Recorded data:
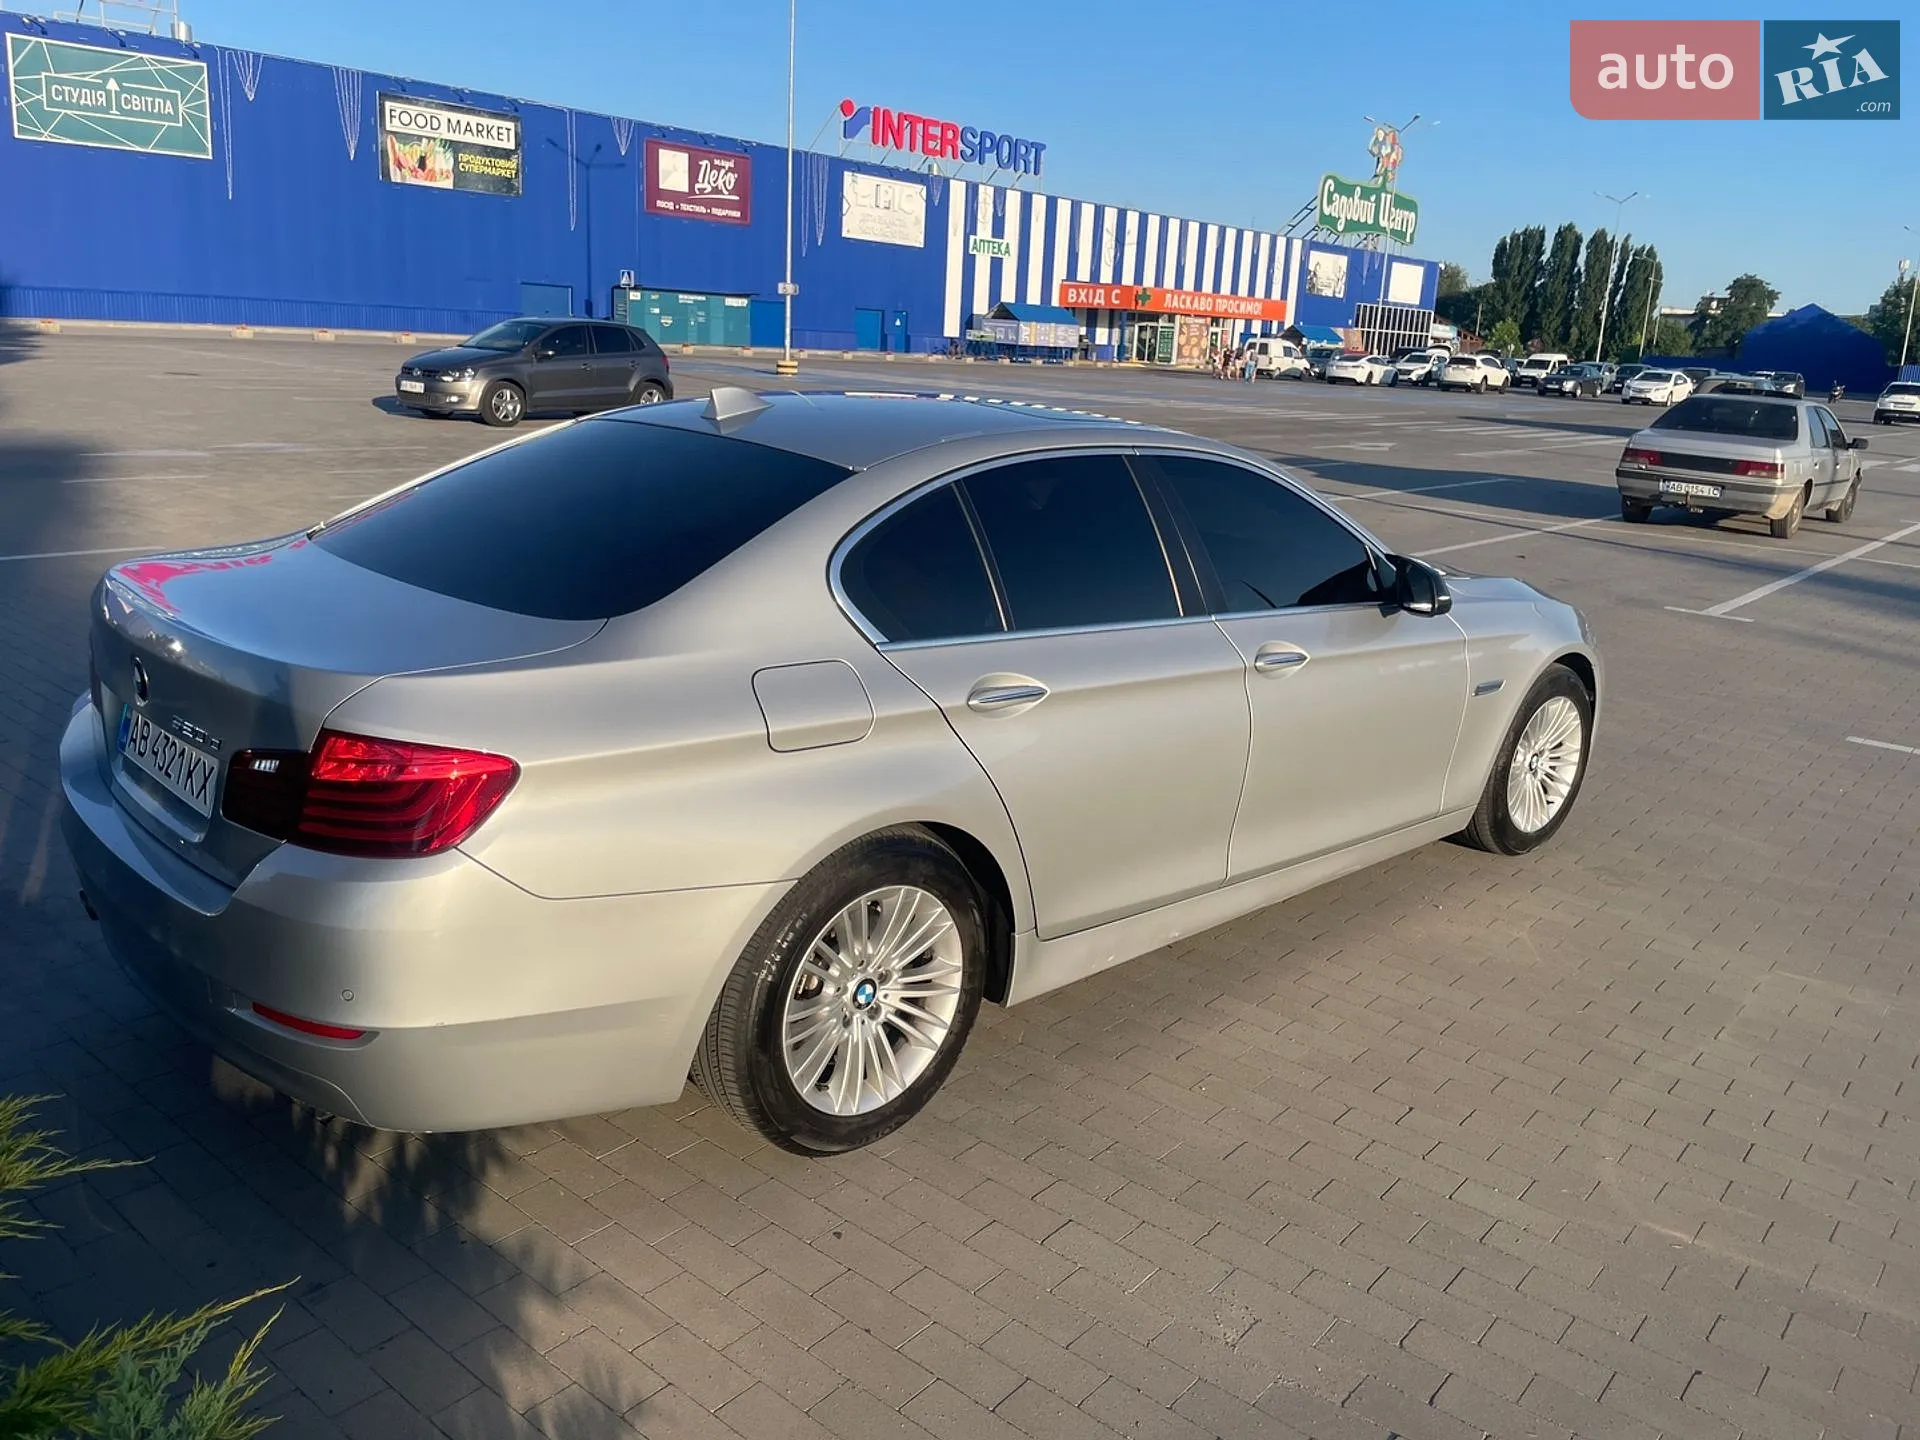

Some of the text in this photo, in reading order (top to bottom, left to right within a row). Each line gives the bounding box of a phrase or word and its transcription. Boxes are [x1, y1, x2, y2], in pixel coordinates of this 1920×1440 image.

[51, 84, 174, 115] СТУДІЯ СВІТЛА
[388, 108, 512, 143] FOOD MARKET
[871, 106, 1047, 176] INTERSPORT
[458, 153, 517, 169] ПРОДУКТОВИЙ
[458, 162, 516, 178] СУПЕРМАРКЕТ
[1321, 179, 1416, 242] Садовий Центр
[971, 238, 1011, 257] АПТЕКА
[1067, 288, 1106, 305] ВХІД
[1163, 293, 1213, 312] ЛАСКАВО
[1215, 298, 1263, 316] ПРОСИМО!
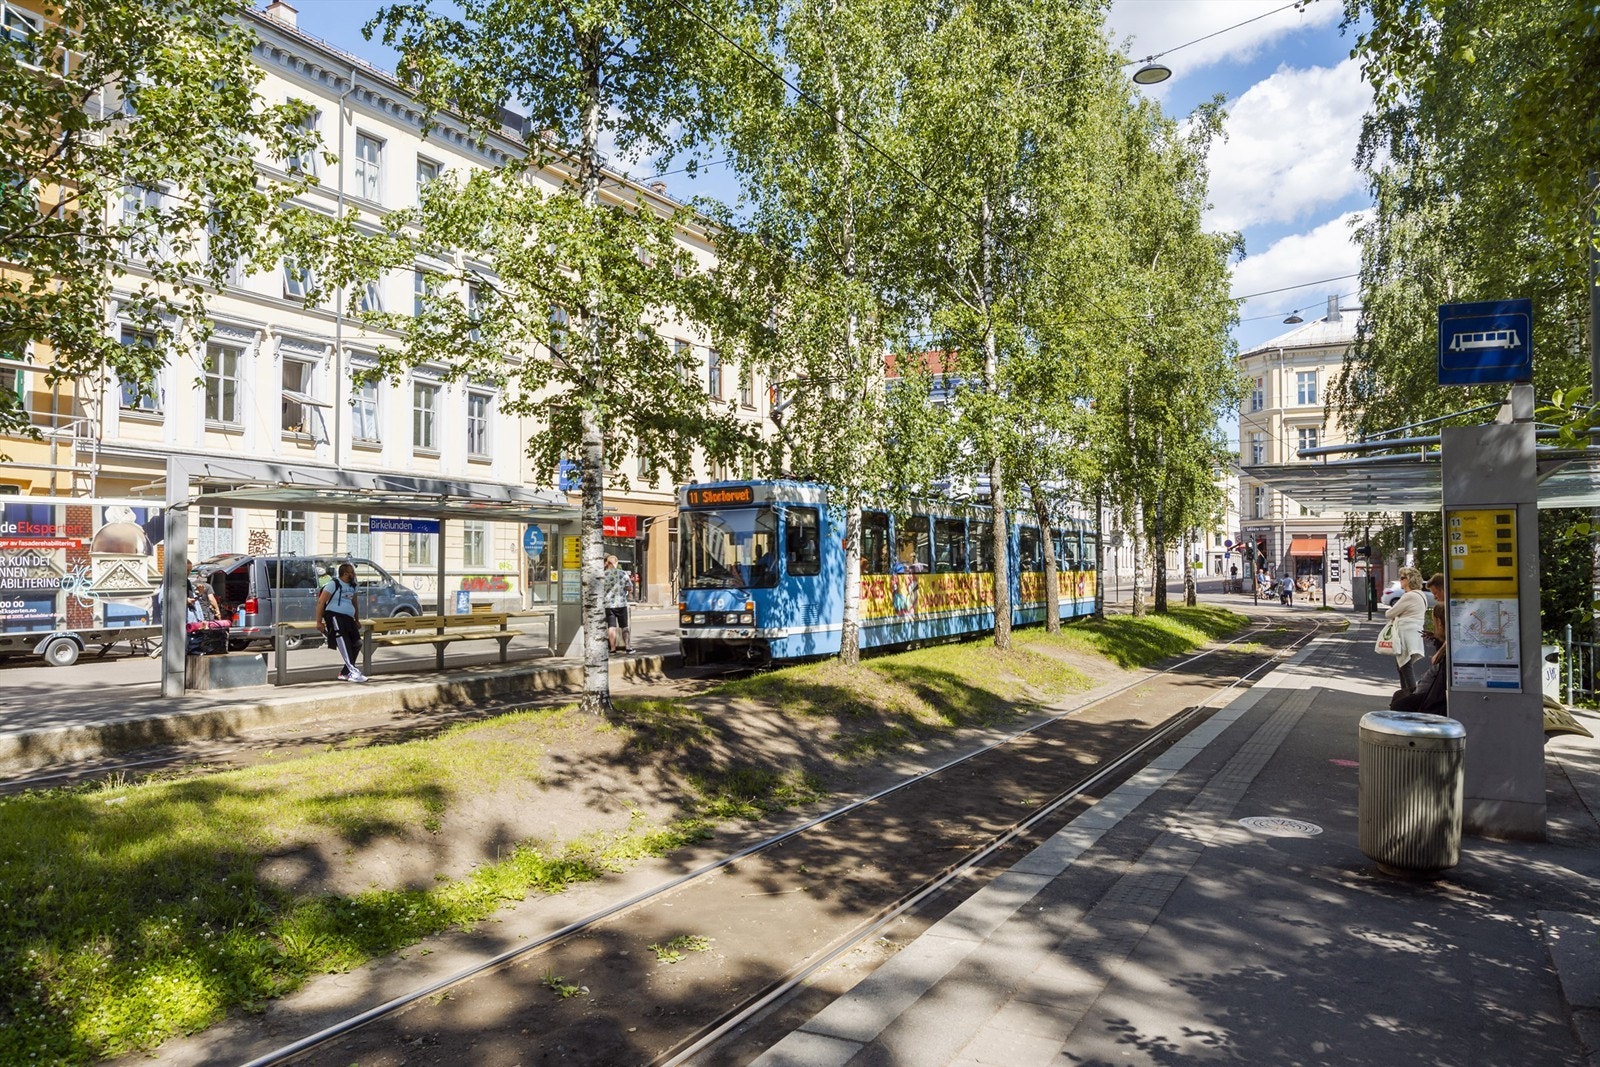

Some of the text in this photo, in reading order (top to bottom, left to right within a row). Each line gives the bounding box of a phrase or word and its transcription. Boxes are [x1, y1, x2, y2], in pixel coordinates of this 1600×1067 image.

Activity:
Give the data above back unchanged, except for the pictures.

Exercise output:
Some of the text in this photo, in reading order (top to bottom, left to right within a row). Each line gives the bounding box of a phrase or word and its transcription. Boxes are [x1, y1, x2, y2], in pixel coordinates of this 1920×1440 image.

[51, 84, 174, 115] СТУДІЯ СВІТЛА
[388, 108, 512, 143] FOOD MARKET
[871, 106, 1047, 176] INTERSPORT
[458, 153, 517, 169] ПРОДУКТОВИЙ
[458, 162, 516, 178] СУПЕРМАРКЕТ
[1321, 179, 1416, 242] Садовий Центр
[971, 238, 1011, 257] АПТЕКА
[1067, 288, 1106, 305] ВХІД
[1163, 293, 1213, 312] ЛАСКАВО
[1215, 298, 1263, 316] ПРОСИМО!

Some of the text in this photo, in reading order (top to bottom, left to right within a row). Each line gives the bounding box of a phrase or word and its transcription. Boxes are [x1, y1, x2, y2], in pixel coordinates of this 1600×1067 image.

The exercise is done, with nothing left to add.